Linguistics: An Introduction

By William B. McGregor

 

Search!

3.1 — Some difficulties with the notion of the morpheme

It is not all plain sailing with the notion of the morpheme. One difficulty is mentioned in the textbook (p. 73), namely the problem of zero morphemes. It is useful to recognize these morphemes in certain cases, as they can provide a way to formulate morphological generalizations that would be otherwise impossible, as discussed for the Hungarian verb in the textbook (p. 73). These have an identifiable meaning but no actual perceivable form. This is somewhat problematic for the idea of the morpheme as a Saussurean sign, since the signifier actually has no phonological form.

Other difficulties also exist. Here are a few:

  1. Lack of consistency in the contrasting forms In the examples discussed in the text, there is considerable consistency in the patterning of the forms of the morphemes in paradigmatic contrast, allowing you to identify a possible form for the morpheme. There may as well be some irregularities that do not follow this pattern, as in the case of the noun plural morpheme of English (e.g. the irregularity for ox). But sometimes no pattern is sufficiently recurrent to allow you to identify it as the regular pattern. Consider the forms of the pronouns of Gooniyandi, where two different case forms are shown, one for subject and object, the other for possessive (don’t worry about the meanings of restricted and unrestricted, this is irrelevant to our concerns here):
      singular plural
    restricted unrestricted
    1 nganyi ‘I’ ngidi ‘we’ yaadi ‘we’
    ngarragi ‘my’ ngirrangi ‘our’ yarrangi ‘our’
    2 nginyji ‘you’ gidi ‘you lot’
    ngaanggi ‘your’ girrangi ‘your’
    3 nhiyi ‘he, she, it’ bidi ‘they’
    nhoowoo ‘his, her, its’ birrangi ‘their’

    Although there are some regularities (e.g. plural number is marked by -di in the first row of forms, and by -rra in the second row), it is not possible to divide the pronouns easily into morphemes so that each can be described consistently in a formula such as we discussed in §3.6. (Try it!) And just four of the seven (a little over a half) of the possessive forms are formed by a pattern from the other forms. (How would you describe the pattern.) Trying to describe these forms in the way described in Chapter 3 is going to give us more exceptions than general patterns.

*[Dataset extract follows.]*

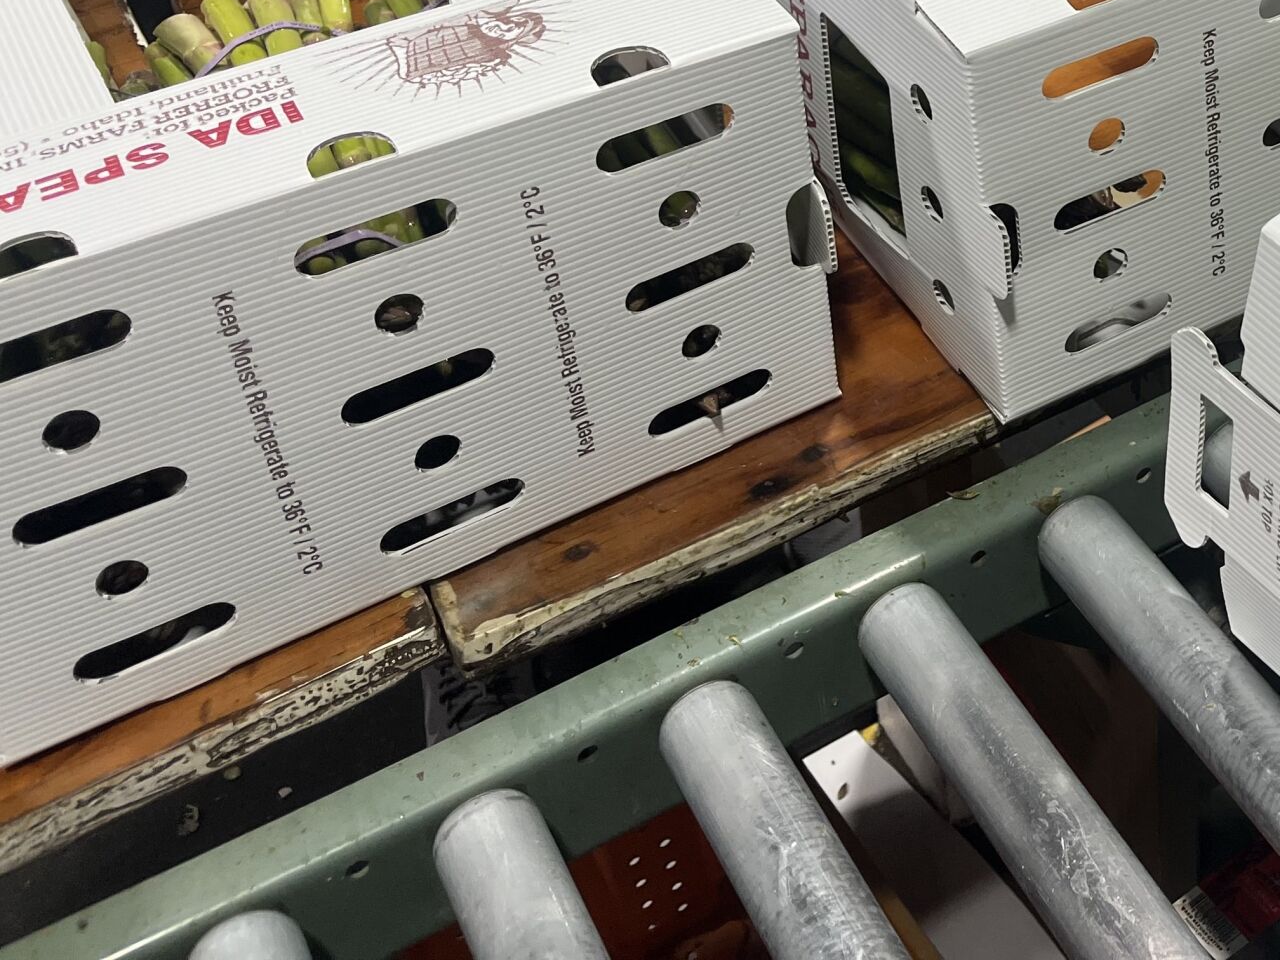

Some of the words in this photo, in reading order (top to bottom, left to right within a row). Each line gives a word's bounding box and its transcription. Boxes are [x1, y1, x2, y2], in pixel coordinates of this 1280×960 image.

  2. The identifiable pattern is the removal of phonological forms. Consider the following data from Tohono O’odham (Uto-Aztecan, Arizona USA):
    Incompleted Completed Gloss
    hi:nk hi:n ‘bark’
    ñeid ñei ‘see’
    ñeok ñeo ‘speak’
    galon galo ‘rake’
    si:sp si:s ‘nail’

    If you try to identify a morpheme for Incompleted, notice that for the five words there would be four different forms for it. On the other hand, notice that the Completed forms are regularly formed from the Incompleted forms by removing the final consonant. In this case, you loose generalisations, rather than gain them, by identifying a morpheme.

  3. The pattern seems to be removal of meaning. In Russian there is a morpheme -sja, called an anticausitive, that apparently subtracts the meaning component ‘cause’ from the meaning of the stem it is attached to. Thus, compare the following two words:

    otkryt ‘cause to open’

    otkryt’sja ‘open, become open’

Difficulties like these have led morphologists to think of other ways of describing the morphology of languages than the item-arrangement style discussed in Chapter 3. See the Guide to further reading, p. 75 for some basic references to alternative ‘word-paradigm’ types of morphology.